Thanks for @Sylvain Collange’s comment, I have one question and several observations.
Question: in the thread http://forums.nvidia.com/index.php?showtopic=80451
@Sylvain Collange reports
On a 9800GX2, when varying the data size, keeping a stride of 4K :
- from 4K to 64K : 320 ns
- from 128K to 8MB : 350 ns
- 16MB and more : 500 ns
However I obtain 500 cycles latency under stride is 4K in TeslaC1060
when using cuda_latency.tar.gz provided by @Sylvain Collange in the thread
Table 1: keep stride = 4KB and sweep data size from 4KB to 64MB, then latency is about 500 core cycle.
% stream_test( void ) : Stream reads
% use device 2, name = Tesla C1060
% data_size_min = 4.00 kB
% stride_min = 4096 byte
% data_size_max = 77056.00 kB
% stride_max = 4096 byte
% runs stride size(kB) clocks ns
5 4096 4.00 506 409.40
5 4096 8.00 508 411.02
5 4096 16.00 506 409.40
5 4096 32.00 506 409.40
5 4096 64.00 506 409.40
5 4096 128.0 506 409.40
5 4096 256.0 504 407.78
5 4096 512.0 506 409.40
5 4096 1024.0 506 409.40
5 4096 2048.0 506 409.40
5 4096 4096.0 498 402.93
5 4096 8192.0 506 409.40
5 4096 16384.0 504 407.78
5 4096 32768.0 504 407.78
5 4096 65536.0 504 407.78
Do I miss something so that latency is about 500 cycles?

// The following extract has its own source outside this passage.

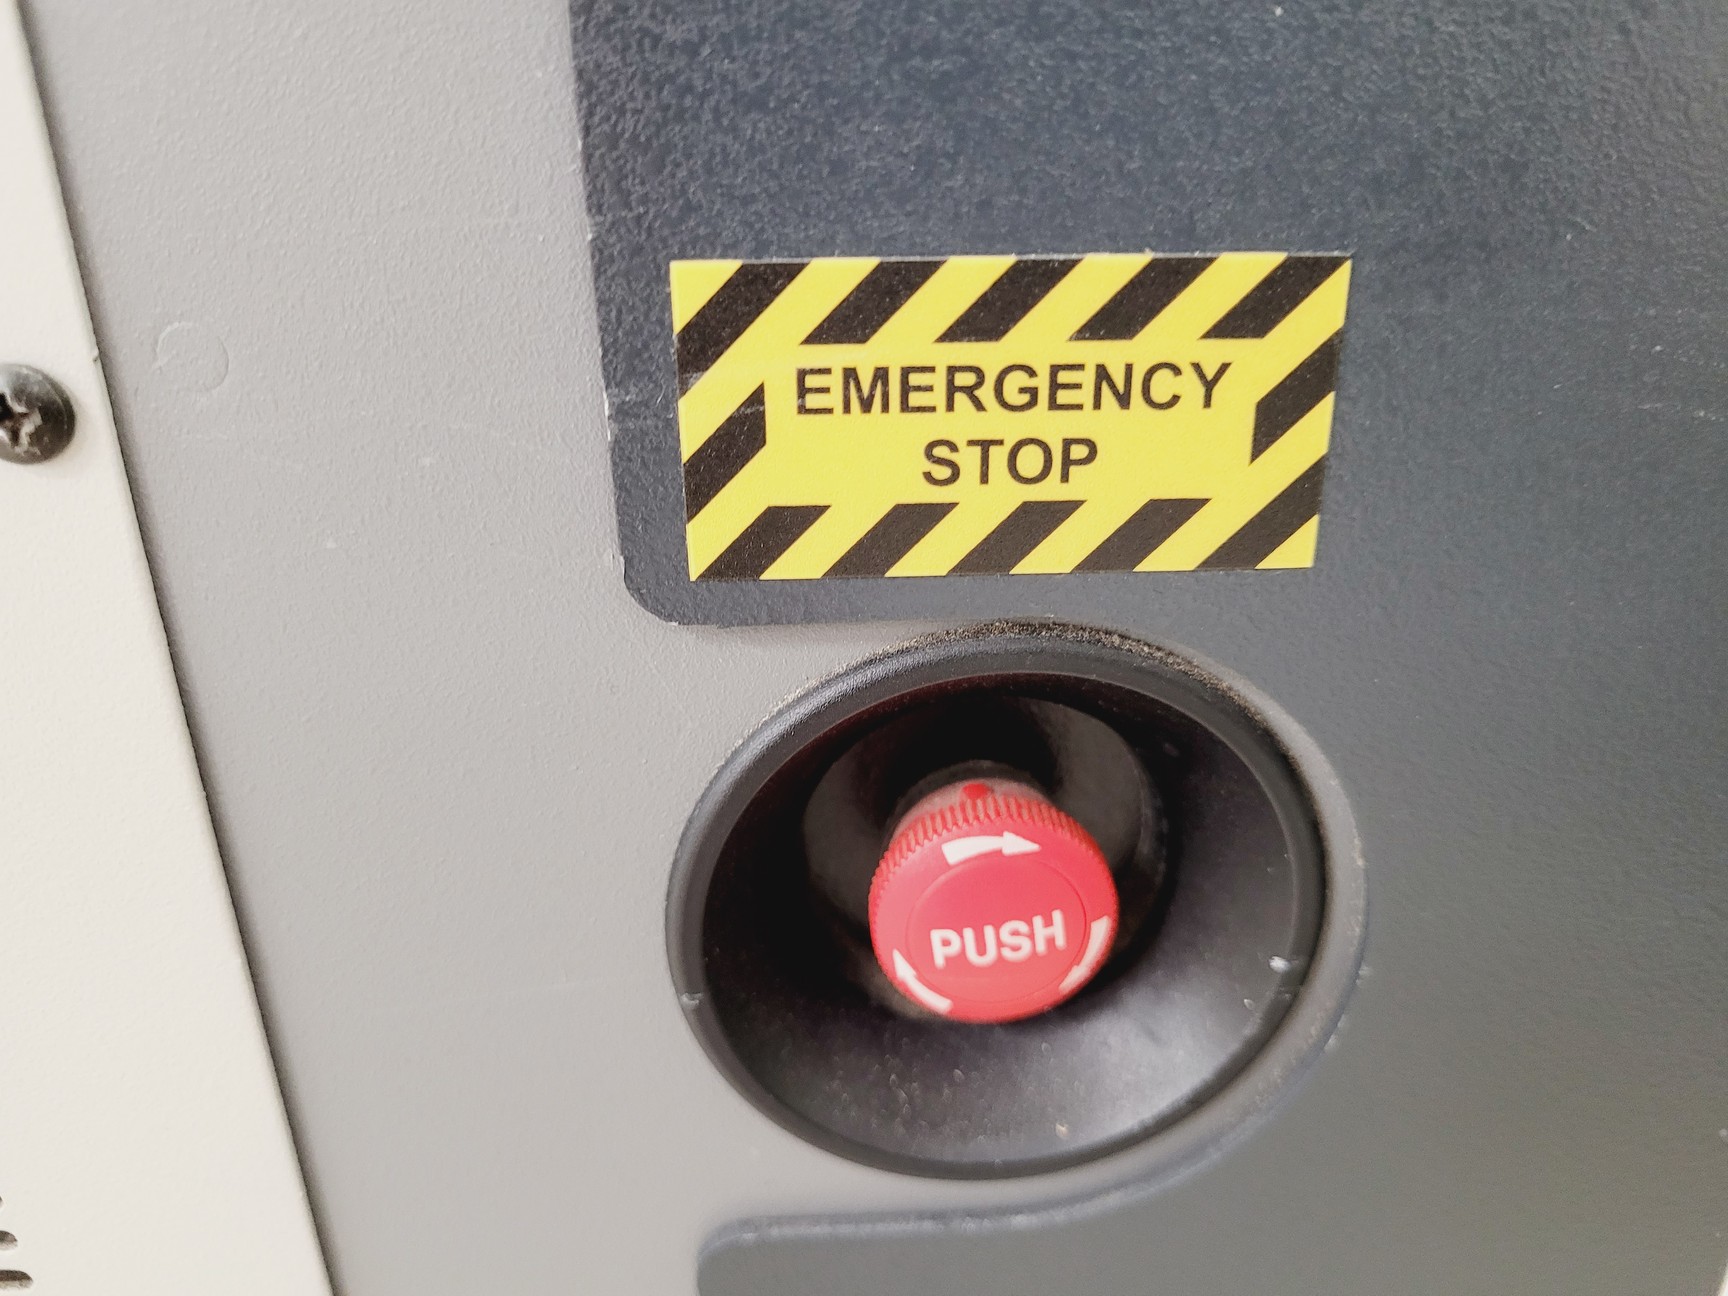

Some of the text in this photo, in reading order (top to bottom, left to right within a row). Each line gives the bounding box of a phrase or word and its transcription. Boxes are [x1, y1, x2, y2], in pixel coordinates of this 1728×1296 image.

[796, 362, 1232, 415] EMERGENCY
[921, 437, 1098, 486] STOP
[930, 909, 1067, 969] PUSH
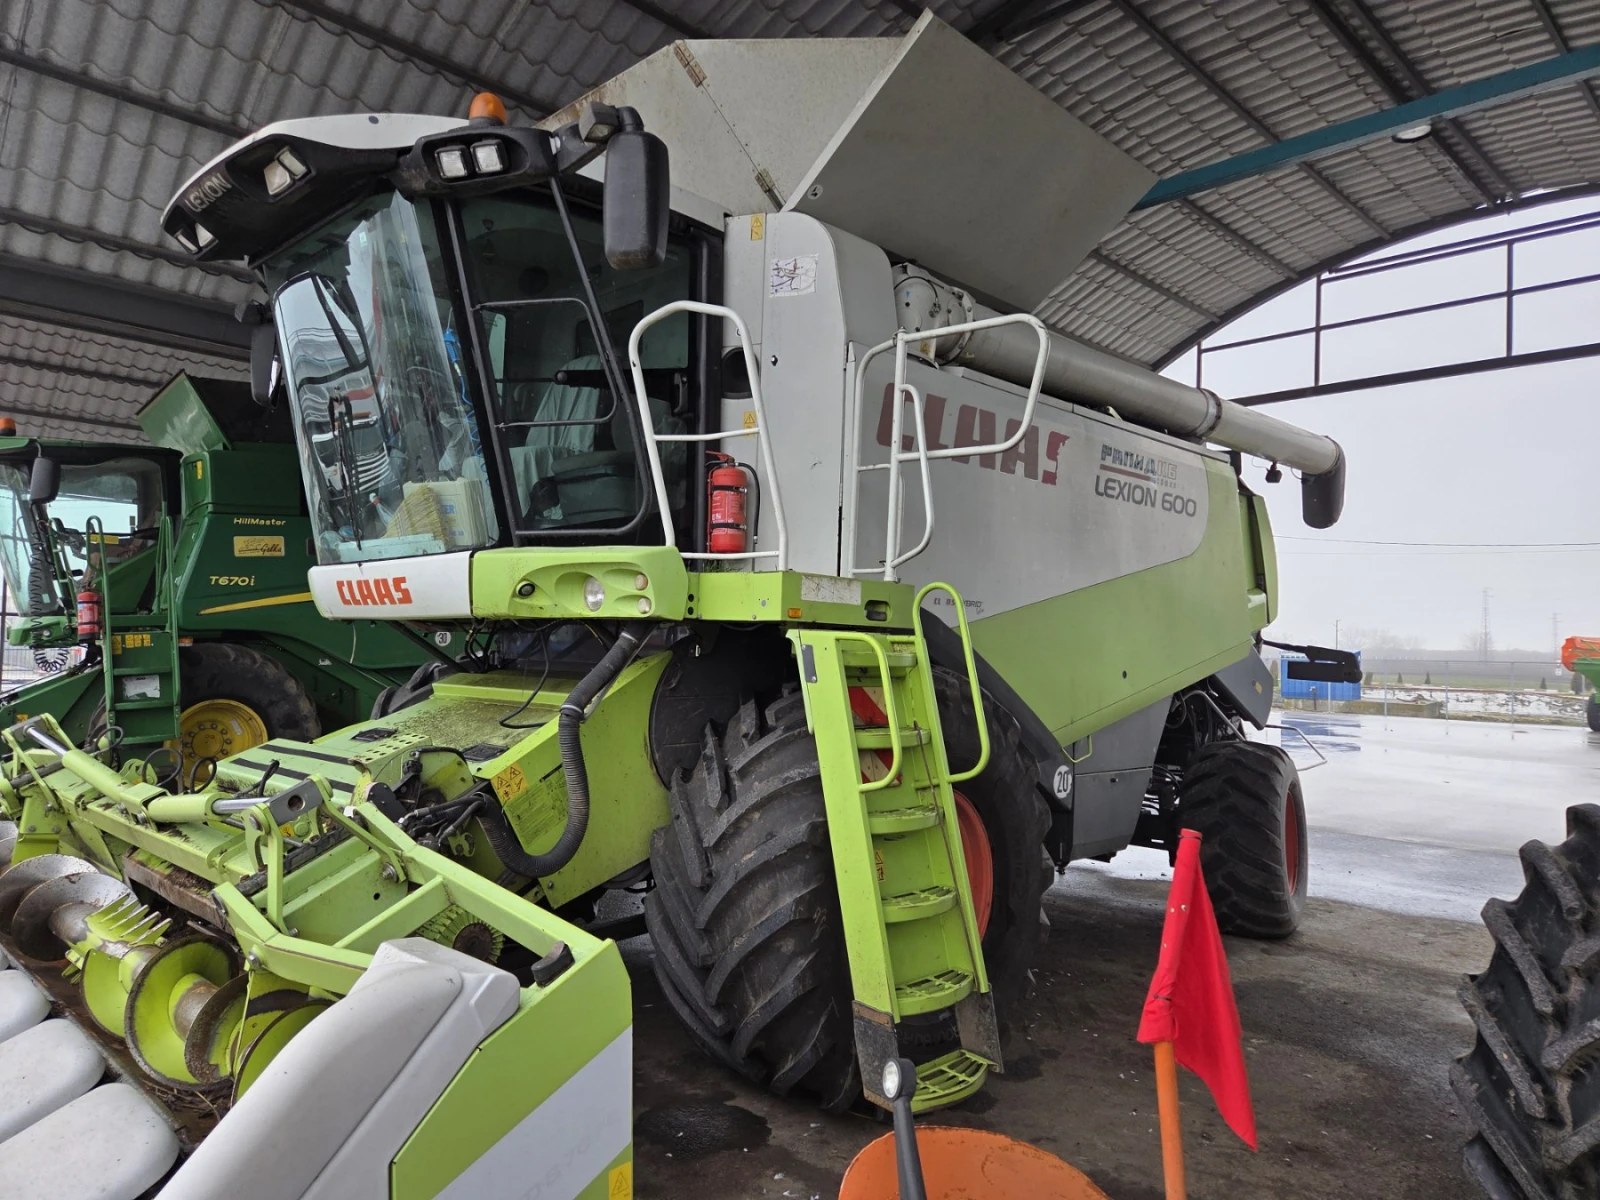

Observation: what I am concerned is throughput, when I use Gatt chart to analyze bandwidth difference between “float” and “double”,
I am confused that how to embed idea of “partition camping” into Gatt chart. In other words, I want to ask
Is memory interface also divided into 7 or 8 partitions? say
GTX295 has 448-bit per GPU, 448 = 64 * 7, each partition uses 64-bit interface.
TeslaC1060 has 512-bit interface, 512 = 64*8, each partition uses 64-bit interface.
I think that this question is answered in the thread http://forums.nvidia.com/index.php?showtop…rt=#entry457188
@alex dubinsky said
"Btw, there is an alternate explanation for variable latencies. The DRAM is organized into channels, and depending on how you access the channels
(for example, sending all accesses to one or spreading them out) will affect performance by a large amount. "
I think that “channel” is “partition” mentioned in SDK/transposeNew/doc/MatrixTranspose.pdf.
I search “channel GDDR3” on google, then it appears in the SPEC of ATI product, in the white paper of Radeon X1800,
http://ati.amd.com/products/radeonx1k/whit…_Whitepaper.pdf, it shows
(1) The Radeon X1800 Memory Controller takes advantage of this fact by dividing its 256-bit memory interface into eight 32-bit channels, see figure 1
A key issue with moving to a wider memory interface relates to the concept of granularity. For maximum efficiency,
every wire in the interface should ideally be carrying data every clock cycle. for example,
if a request for 32 bits of data was made on a 256-bit interface, it could mean that most of the wires would not be carrying any data
when the request was fulfilled.
GPUs typically address this granularity issue by dividing their memory interfaces into multiple channels.
Each channel can serve one read or write request at a time, so an interface with multiple channels can serve multiple requests simultaneously.
(2) Ring Bus architecture of Radeon X1800, see figure 2
also from http://pc.watch.impress.co.jp/docs/2008/0617/kaigai446.htm by Hiroshige Goto (the link is provided by @Sylvain Collange),
an overview of GT200 is shown in figure 3, it shows that GT200 has 8 channels, 64-bit interface per channel and use 32-bit memory device,
for example, TeslaC1060 use 32 32Mx32 GDDR3 SDRAM.
when one wants to improve performance of a memory-bound problem, like matrix transpose we have discussed in the thread
http://forums.nvidia.com/index.php?showtopic=106924 , the partition camping needs to be solved first (or concurrent accesses to global memory by all
active warps should be divided evenly amongst partitions (channels) ) since if all SMs access the same channel, then effective interface is 64-bit, not 512-bit,
then effective bandwidth is only 1/8 of maximum bandwidth, this is independent of how many cores you are using.
Of course, “each channel can only access 64-bit interface” means that my Gatt chart in the thread
Moreover if latency is 500 cycles and "read cycle of DRAM" is only 110 cycles, then fixed cost of access DRAM is about 400 cycles
(fixed cost = Virtual address calculation + On-chip crossbar interconnect traversal + Virtual to physical address translation + Physical to raw address translation
- Physical to raw address translation). This means that if one wants to draw Gatt chart, then he can ignore variation due to bank-conflict, or different rows of the same bank, … etc.